======== Dataset records
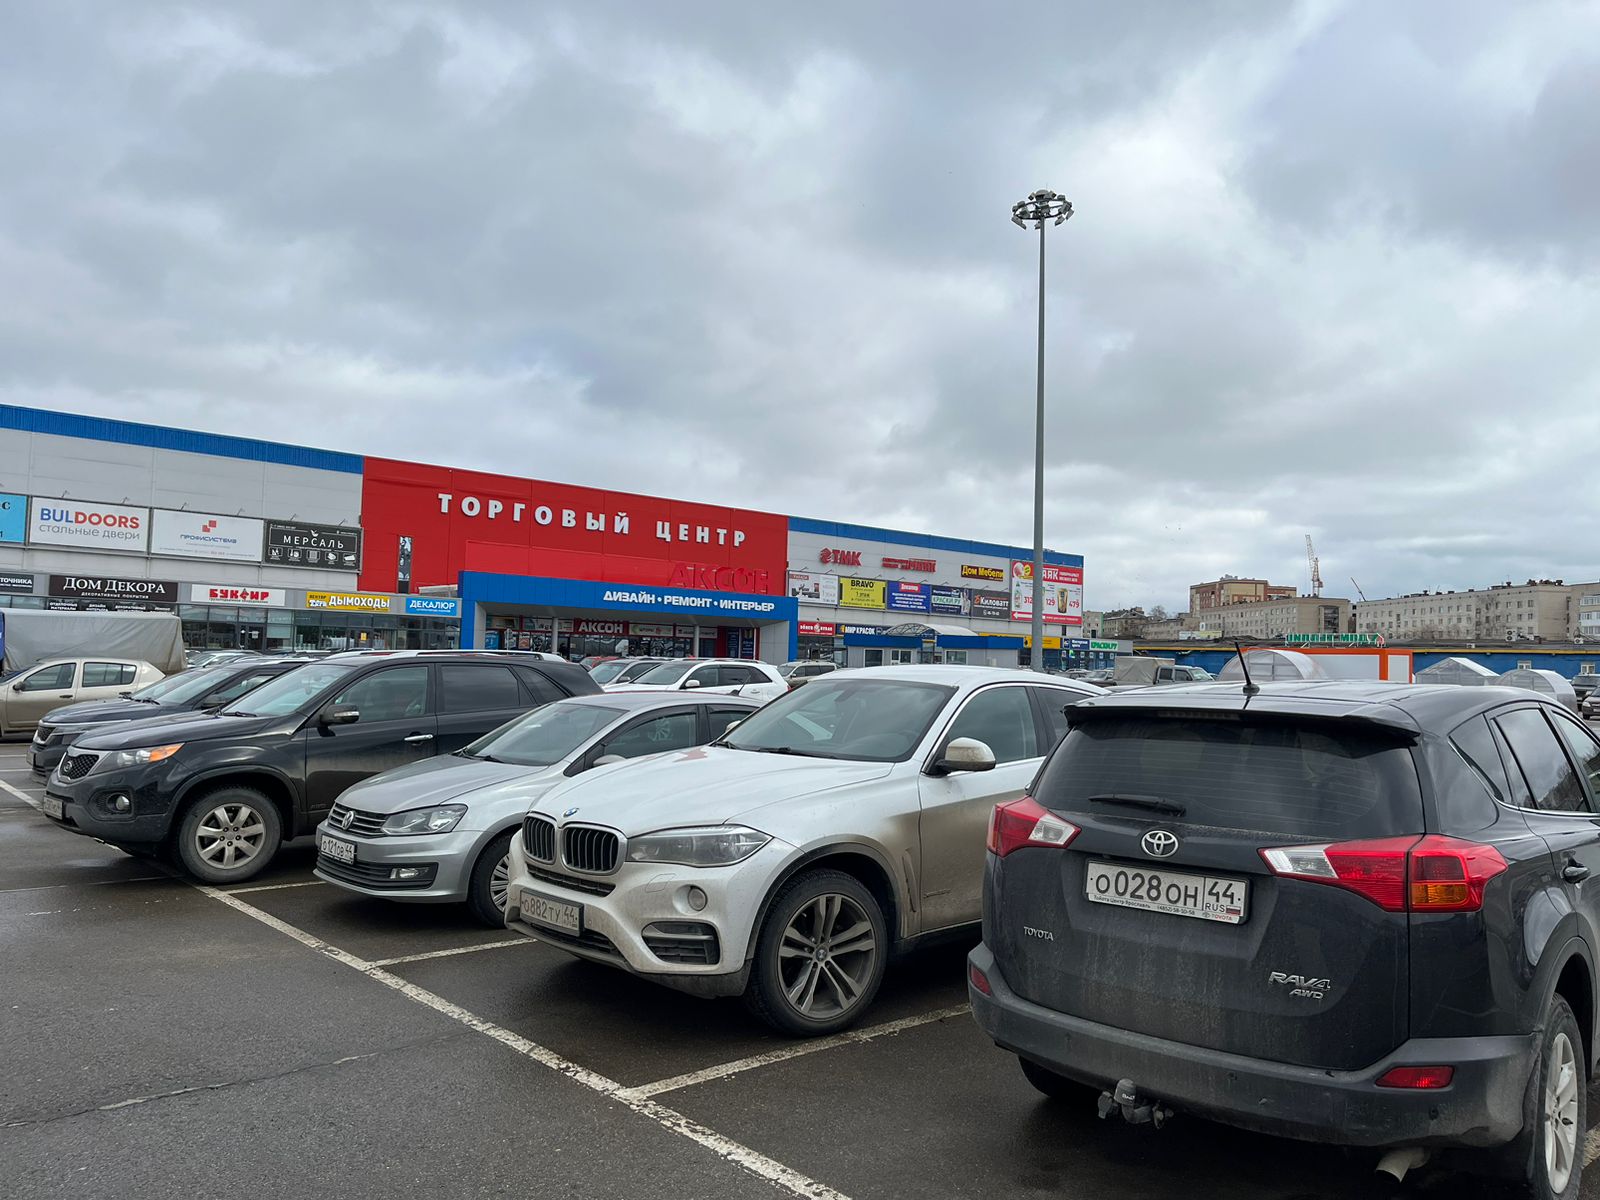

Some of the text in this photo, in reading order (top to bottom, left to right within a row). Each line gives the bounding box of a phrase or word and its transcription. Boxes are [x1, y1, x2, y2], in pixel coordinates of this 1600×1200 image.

[40, 508, 140, 529] BULDOORS
[437, 493, 746, 547] ТОРГОВЫЙ ЦЕНТР
[39, 524, 140, 540] стальные двери
[283, 535, 344, 549] МЕРСАЛЬ
[62, 577, 166, 594] ДОМ ДЕКОРА
[667, 563, 769, 595] АКСОН
[850, 580, 874, 589] BRAVO
[328, 595, 390, 609] ДЫМОХОДЫ
[409, 600, 456, 609] ДЕКАЛЮР
[603, 590, 775, 612] ДИЗАЙН РЕМОНТ ИНТЕРЬЕР
[578, 621, 624, 634] АКСОН
[856, 627, 876, 635] КРАСОК
[1207, 880, 1236, 905] 44
[1204, 902, 1226, 913] RUS
[1211, 913, 1233, 922] TOYOTA
[1023, 926, 1054, 941] TOYOTA
[1267, 971, 1331, 991] RAV4
[1289, 988, 1324, 999] AWD
================
## Your goal
Since the pictures are not wanted, set down only the rest of each record, exactly as above.

## Answer section
Some of the text in this photo, in reading order (top to bottom, left to right within a row). Each line gives the bounding box of a phrase or word and its transcription. Boxes are [x1, y1, x2, y2], in pixel coordinates of this 1600×1200 image.

[40, 508, 140, 529] BULDOORS
[437, 493, 746, 547] ТОРГОВЫЙ ЦЕНТР
[39, 524, 140, 540] стальные двери
[283, 535, 344, 549] МЕРСАЛЬ
[62, 577, 166, 594] ДОМ ДЕКОРА
[667, 563, 769, 595] АКСОН
[850, 580, 874, 589] BRAVO
[328, 595, 390, 609] ДЫМОХОДЫ
[409, 600, 456, 609] ДЕКАЛЮР
[603, 590, 775, 612] ДИЗАЙН РЕМОНТ ИНТЕРЬЕР
[578, 621, 624, 634] АКСОН
[856, 627, 876, 635] КРАСОК
[1207, 880, 1236, 905] 44
[1204, 902, 1226, 913] RUS
[1211, 913, 1233, 922] TOYOTA
[1023, 926, 1054, 941] TOYOTA
[1267, 971, 1331, 991] RAV4
[1289, 988, 1324, 999] AWD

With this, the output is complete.